L’affaire en resta là pour le moment. Ceux qui connaissaient le mieux Bertram ne doutèrent pas que sa foi fût ébranlée, quelque énergiques que fussent les dénégations de sa préface. Ses protestations étaient sincères, mais il n’est pas donné à chacun de savoir tout au juste ce qu’il croit. Que dis-je, à chacun ? Est-il quelqu’un au monde, devrait-on plutôt dire, qui sache tout à fait à quoi s’en tenir sur sa foi ? Que de gens croient, ou prétendent croire, par exemple, à « la résurrection de la chair ! » Mais qu’entendent-ils par ces mots ?

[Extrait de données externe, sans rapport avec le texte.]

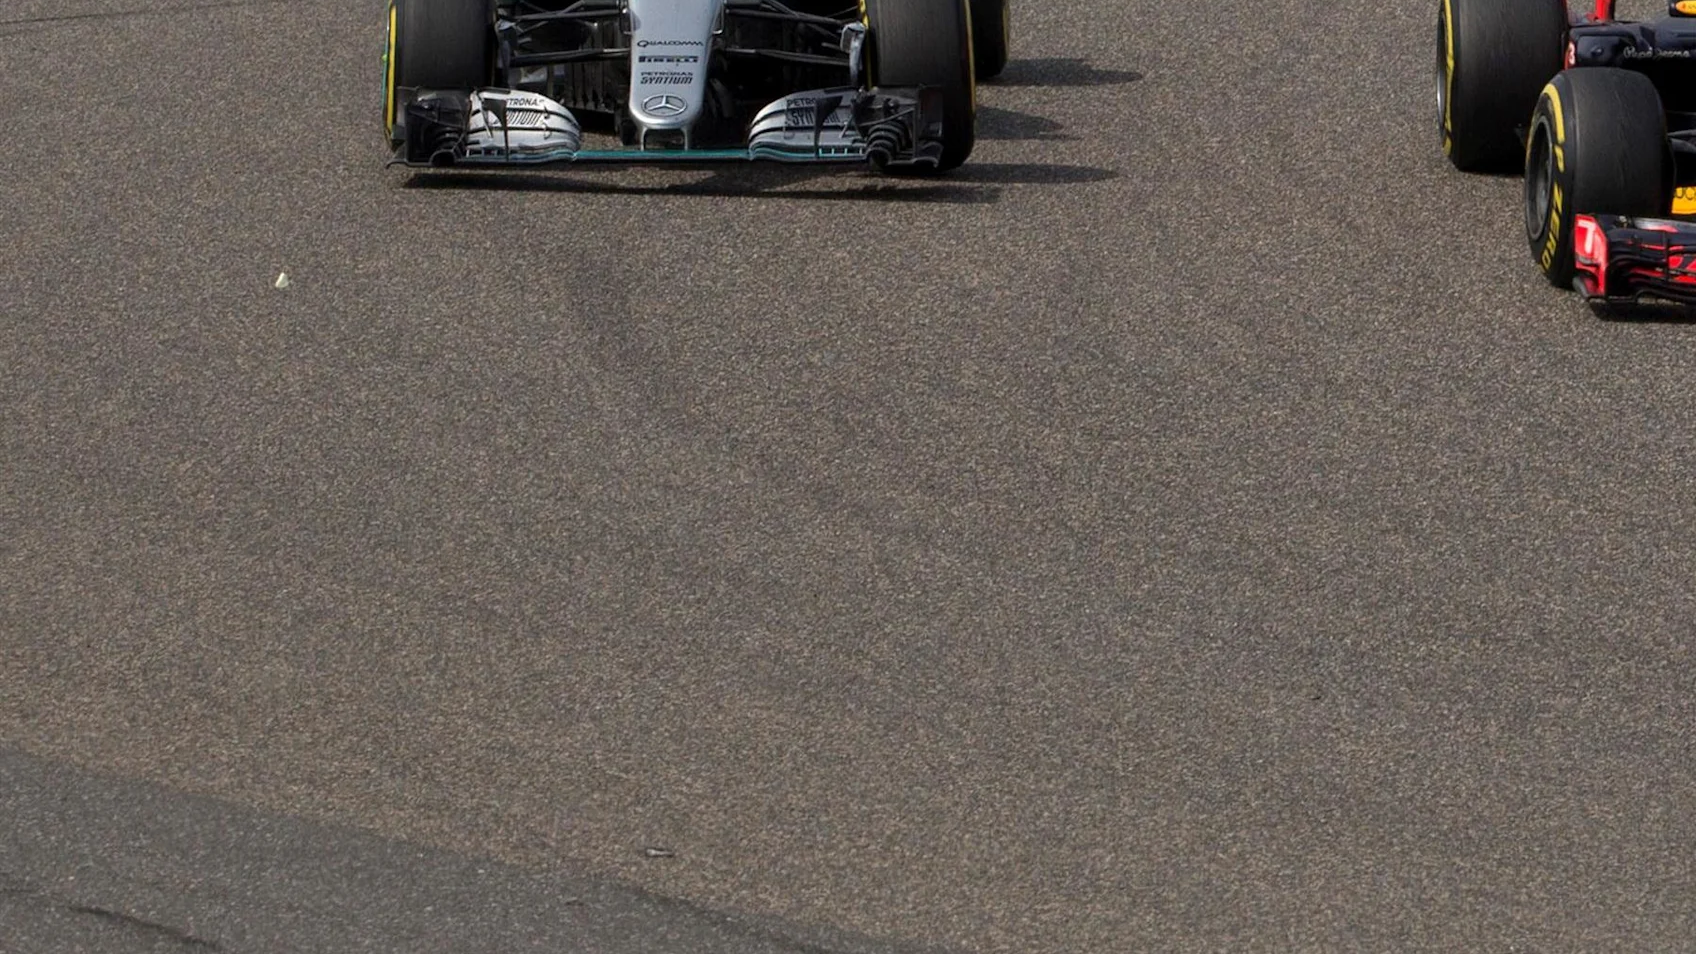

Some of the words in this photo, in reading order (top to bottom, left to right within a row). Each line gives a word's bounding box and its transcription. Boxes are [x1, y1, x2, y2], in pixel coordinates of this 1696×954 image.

[639, 76, 693, 85] SYNTIUM
[506, 98, 545, 106] TRONA
[1540, 183, 1564, 274] ZERO

On peut être très-croyant, et cependant mettre en doute certaines assertions de la Bible, ou du moins se refuser à les entendre dans un sens littéral ; mais des hommes très-croyants n’emploieront pas volontiers toute leur éloquence à rendre publics leurs doutes. Ces hommes-là, s’ils consacrent leur temps à l’étude de l’histoire biblique, ne s’arrêteront pas à un incident comme celui du soleil demeurant immobile au-dessus de la montagne de Gibéon. Ils aimeront mieux proclamer tout ce qu’ils croient que de parler du peu dont ils doutent. Les amis de Bertram durent s’avouer que ceux qui le traitaient de libre penseur ne lui faisaient pas injustice.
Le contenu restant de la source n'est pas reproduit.